EL: Como vê o futuro do homem ante o fenômeno da globalização?
JM: Essa palavra me parece um pouco enganosa porque dá a impressão de que o mundo é uno, o que não é verdade. O mundo é múltiple. E há até muitas formas de humanidade que não entendemos bem. Penso, por exemplo, no caso — tão inquietante — da África: uma situação terrível e em quase todos os países africanos há uma situação verdadeiramente aterradora. Houve um século "vividero", que foi o século da colonização — de meados do século XIX até 1960 —; podia-se viver. E implantaram uma série de coisas (evidentemente, houve também abusos e uma certa exploração): estradas, ferrovias, telefones, hospitais, escolas — e que não se matassem entre si (uma constante histórica nas tribos da África; junto com outra: a de caçar escravos para vender aos negreiros). Essas atrocidades que estão espalhadas por quase toda a África: em Ruanda e Burundi e, depois, em Serra Leoa e é na Nigéria e na Eritréia e Somália etc. E atrocidades também na Ásia... São formas de vida que não acabamos de compreender.
Já o Ocidente é um mundo coerente: em qualquer país ocidental, sentimo-nos em casa (com grandes diferenças, mas em casa...) e há um repertório coerente de idéias e crenças e estilos de vida. Temos de levar em conta esses outros mundos (que não são unos e, por isso, globalização é um conceito muito equívoco), temos que procurar entendê-los e que estejam do melhor modo possível; mas trata-se de outros mundos que não o nosso: o Ocidente, que é uno.
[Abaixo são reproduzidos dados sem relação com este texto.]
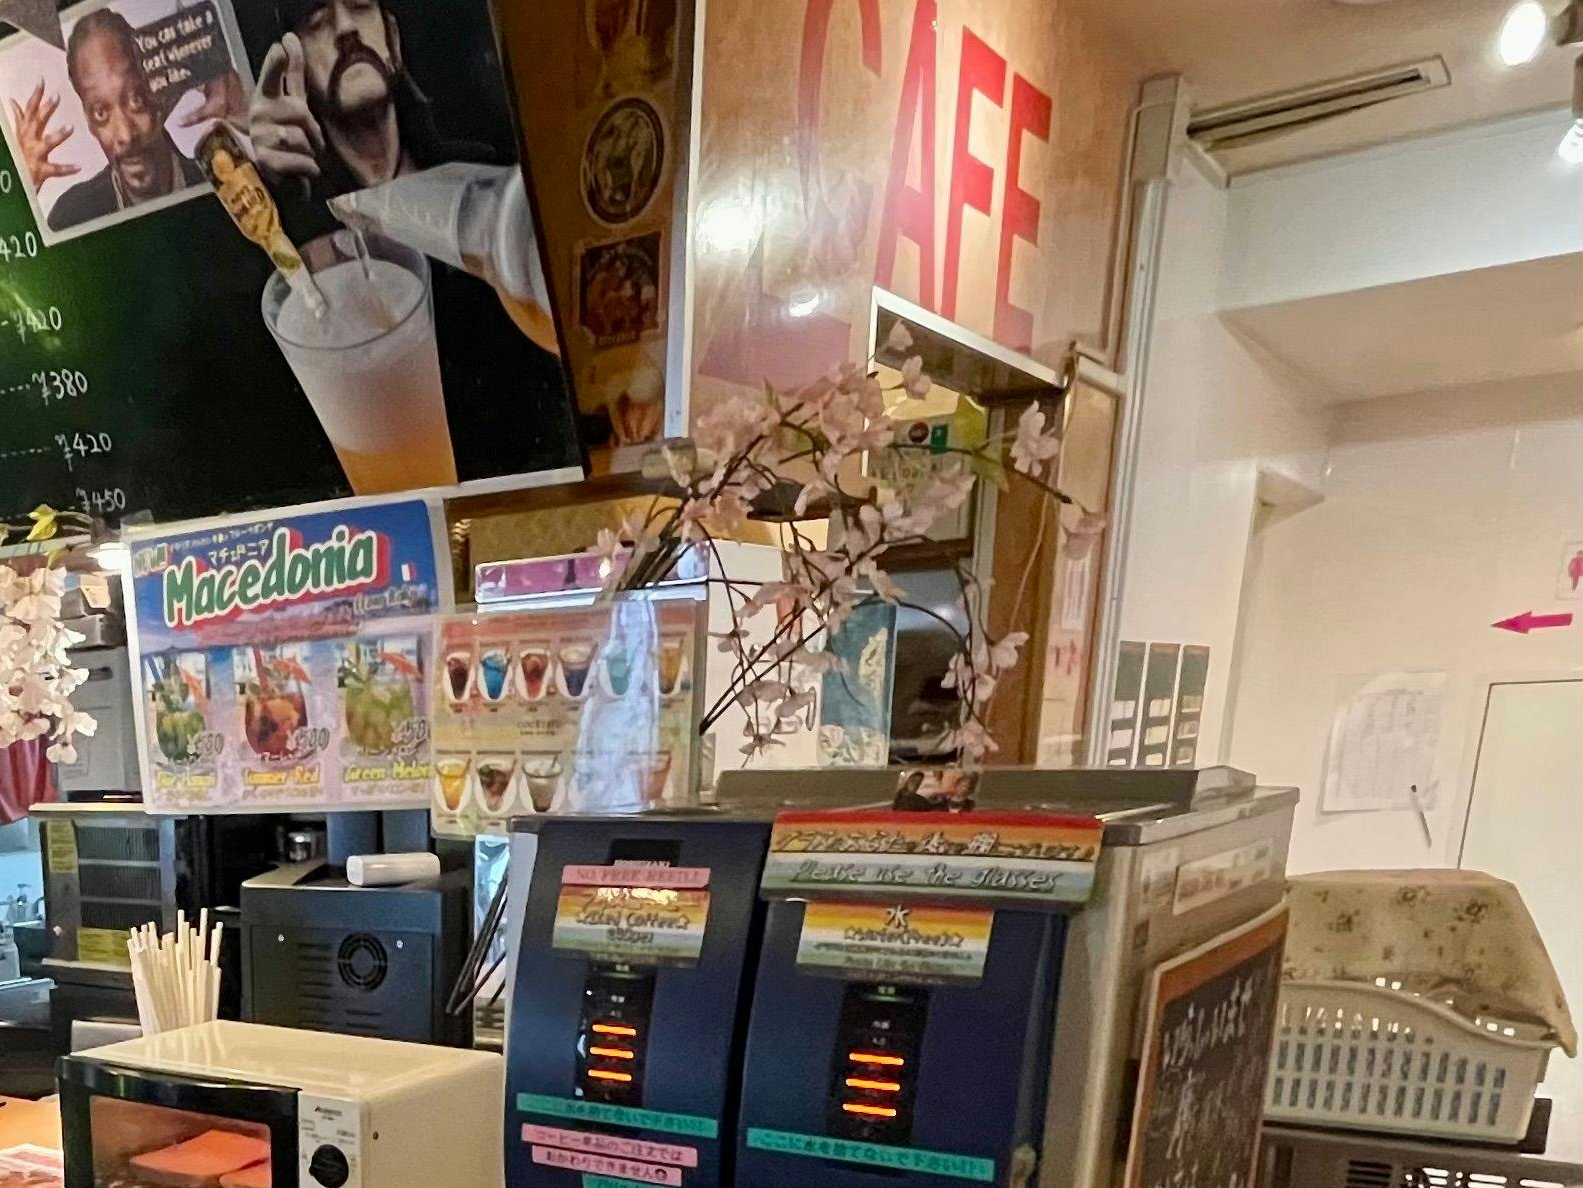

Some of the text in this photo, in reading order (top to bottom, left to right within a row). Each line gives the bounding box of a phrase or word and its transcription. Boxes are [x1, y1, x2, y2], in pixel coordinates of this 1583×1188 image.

[135, 36, 159, 53] You
[158, 27, 176, 44] can
[177, 15, 203, 35] take
[797, 0, 1053, 354] CAFE
[163, 525, 379, 628] Macedonia
[874, 864, 914, 884] use
[924, 861, 962, 886] the
[971, 865, 1064, 893] glasses
[884, 904, 910, 928] 水
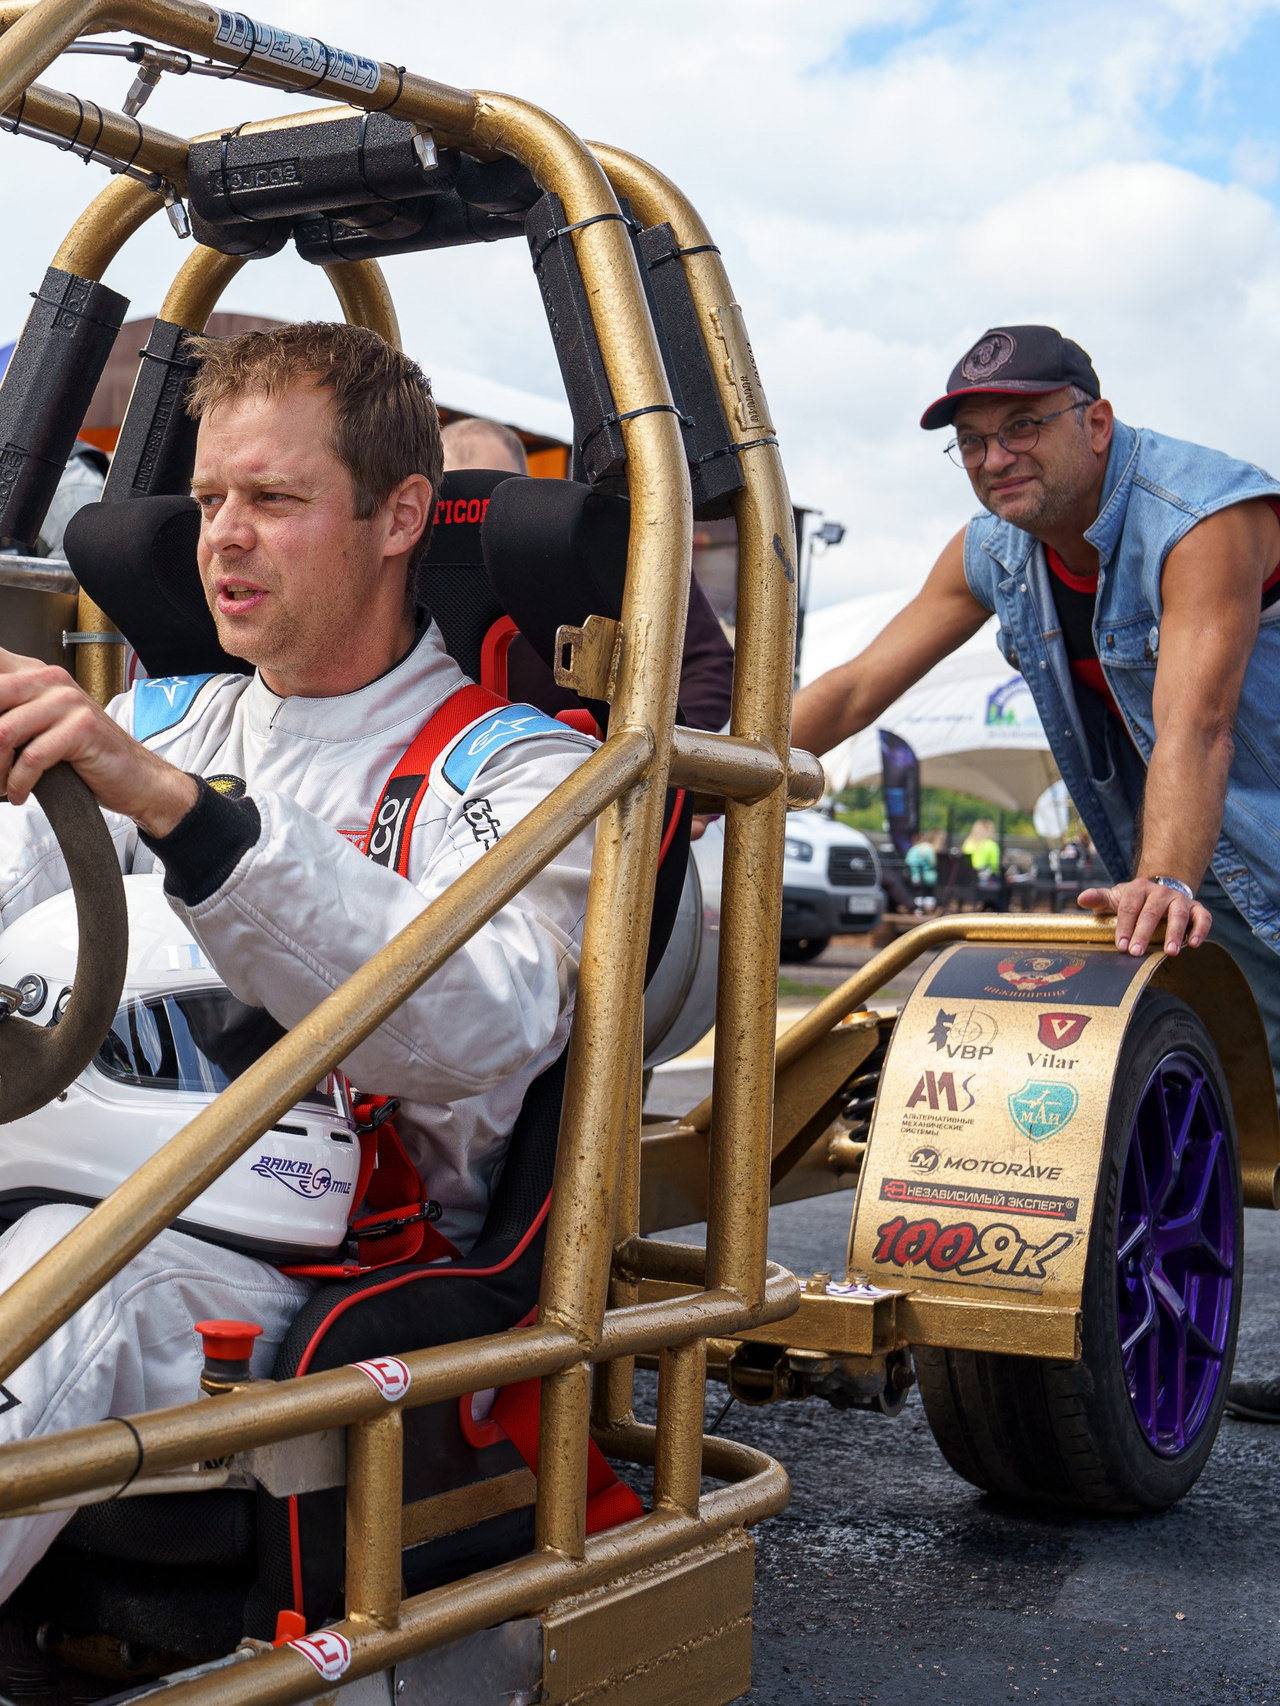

Por outro lado, o europeísmo exagerado parece-me um erro, porque a Europa não é suficiente. Costumo dizer que Europa e América são dois lóbulos de uma realidade — esta sim, verdadeira — que é o Ocidente. Curiosamente, fala-se pouco do Ocidente: nem a América, nem a Europa se bastam a si mesmas, não só do ponto de vista da dependência econômica, mas também intelectual.